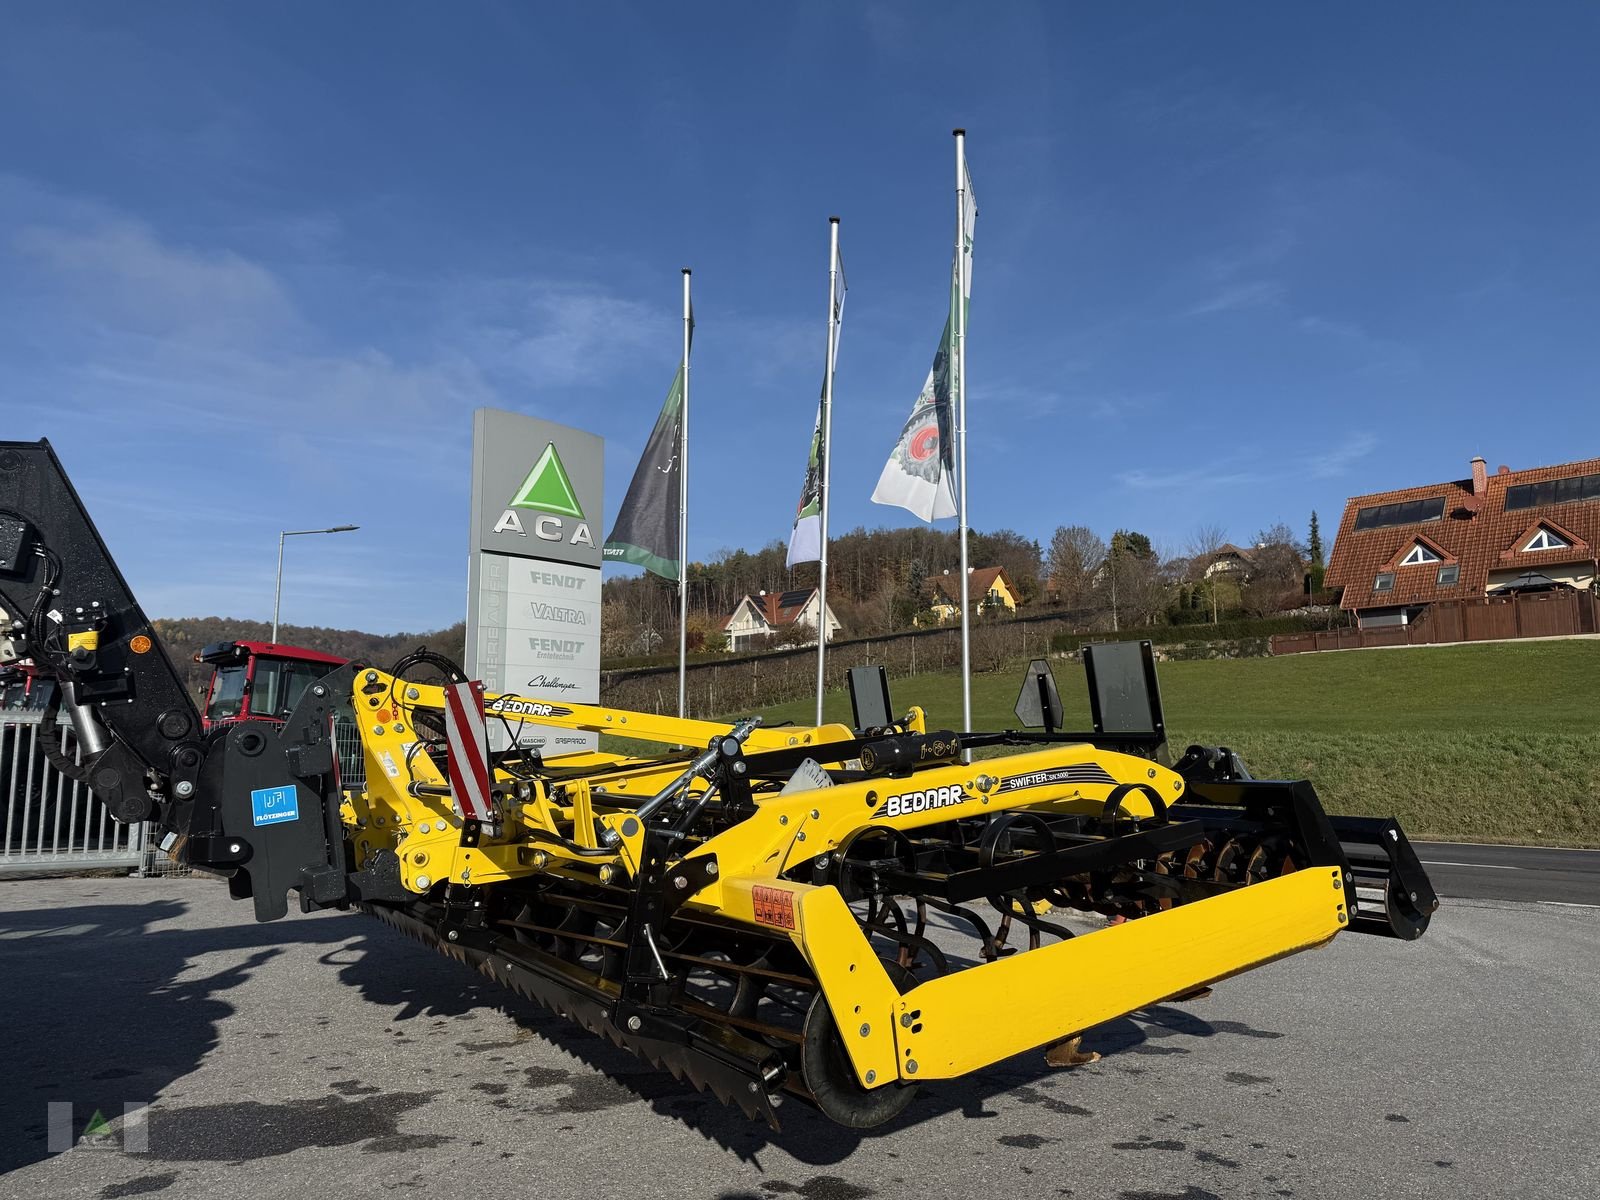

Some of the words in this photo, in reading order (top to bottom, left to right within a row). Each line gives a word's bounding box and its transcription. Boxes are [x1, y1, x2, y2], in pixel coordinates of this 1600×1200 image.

[492, 509, 596, 549] ACA
[530, 571, 586, 590] FENDT
[530, 602, 586, 625] VALTRA
[528, 638, 585, 653] FENDT
[528, 674, 582, 693] Challenger
[492, 699, 553, 717] BEDNAR
[1010, 773, 1048, 789] SWIFTER
[886, 785, 964, 817] BEDNAR
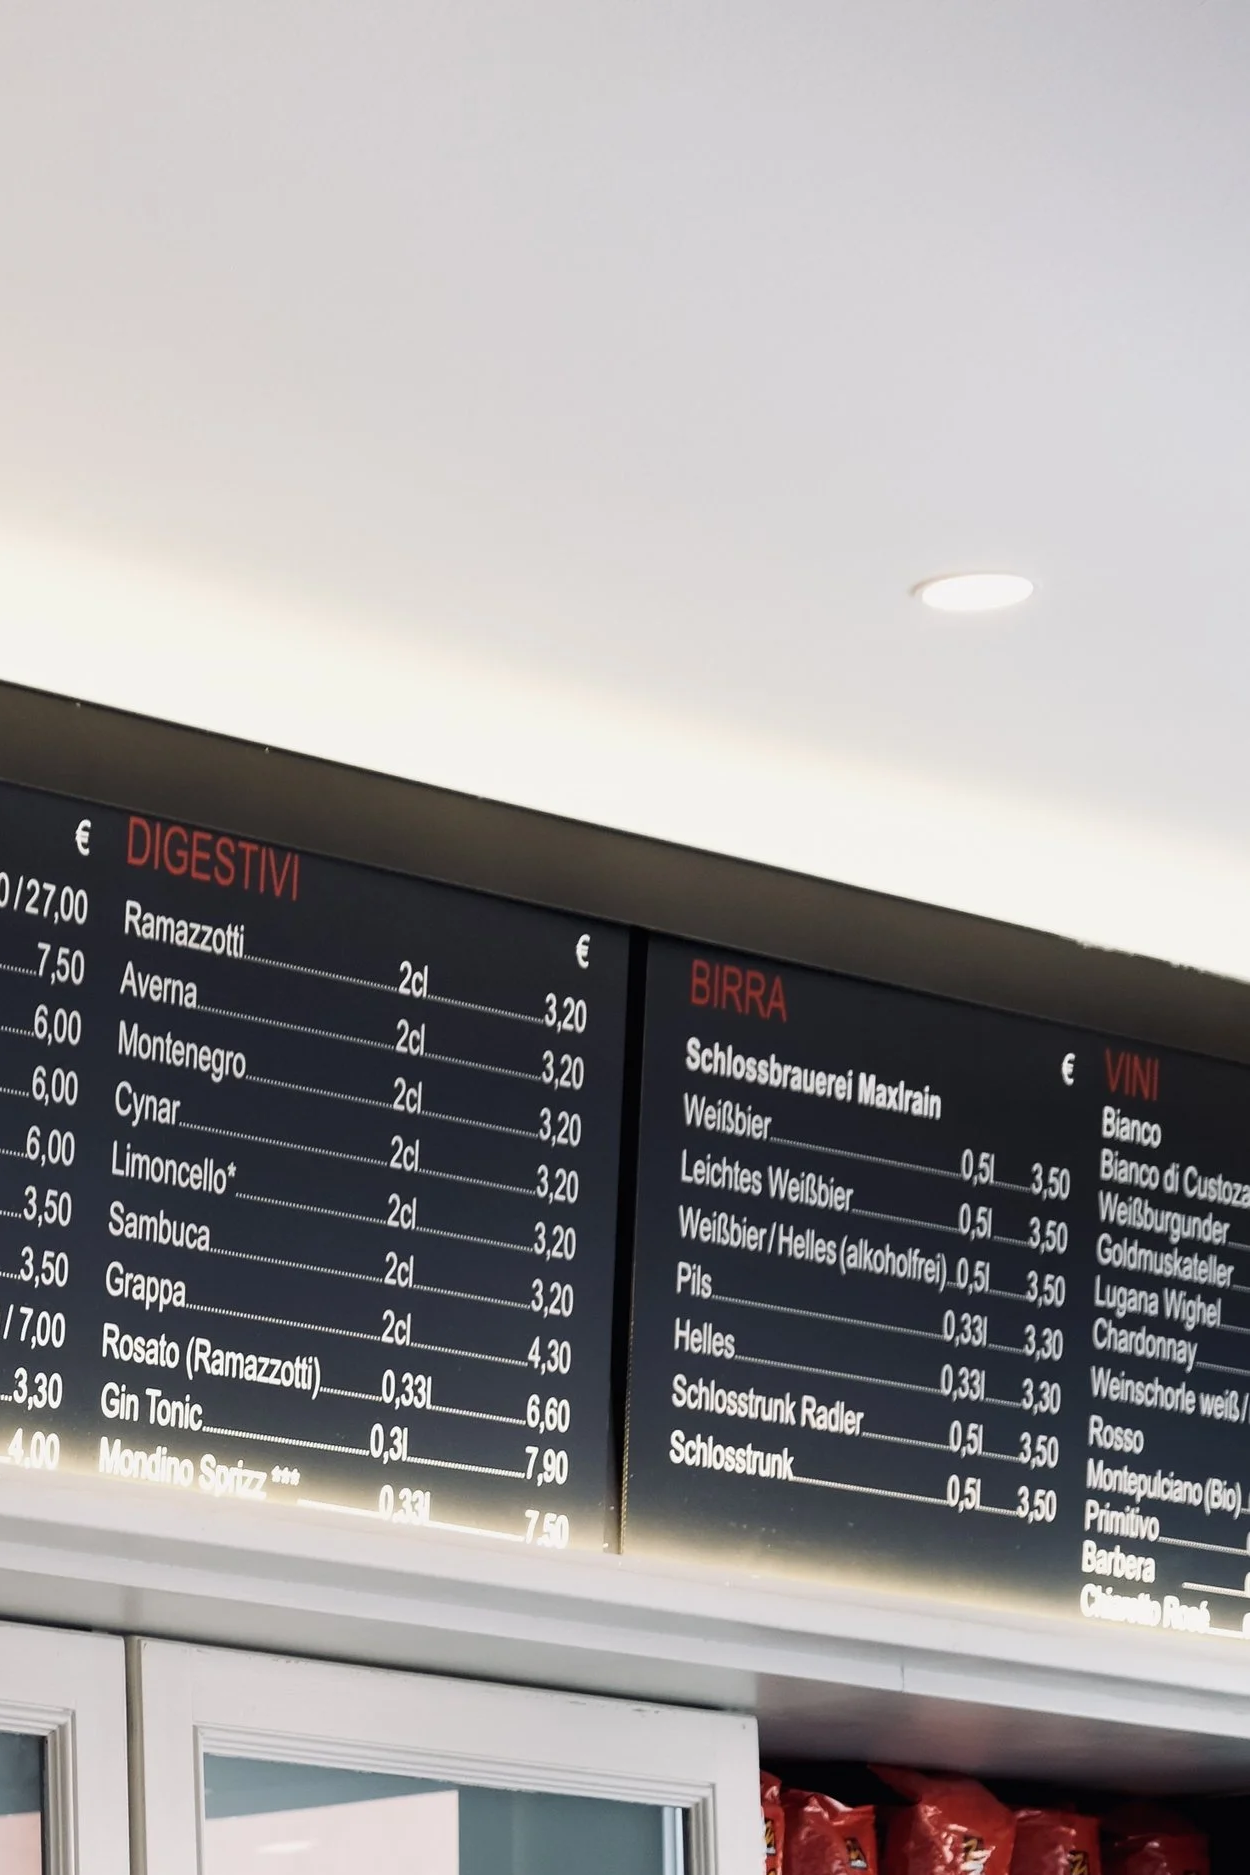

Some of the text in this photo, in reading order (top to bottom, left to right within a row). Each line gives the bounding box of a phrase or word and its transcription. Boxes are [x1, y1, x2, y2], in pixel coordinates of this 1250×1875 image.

Exercise directions
Exact repetition of each line above is expected; images are to be omitted.

Solved exercise
Some of the words in this photo, in reading order (top to bottom, left to right within a row). Each line gives a word's bounding box and its transcription. Boxes are [x1, y1, x2, y2], in pixel coordinates of this 1600×1200 image.

[492, 509, 596, 549] ACA
[530, 571, 586, 590] FENDT
[530, 602, 586, 625] VALTRA
[528, 638, 585, 653] FENDT
[528, 674, 582, 693] Challenger
[492, 699, 553, 717] BEDNAR
[1010, 773, 1048, 789] SWIFTER
[886, 785, 964, 817] BEDNAR

Some of the text in this photo, in reading order (top to bottom, left to right within a row). Each line gives the bounding box of a phrase or word and its transcription. Boxes are [x1, y1, x2, y2], in pixel coordinates of this 1250×1875 image.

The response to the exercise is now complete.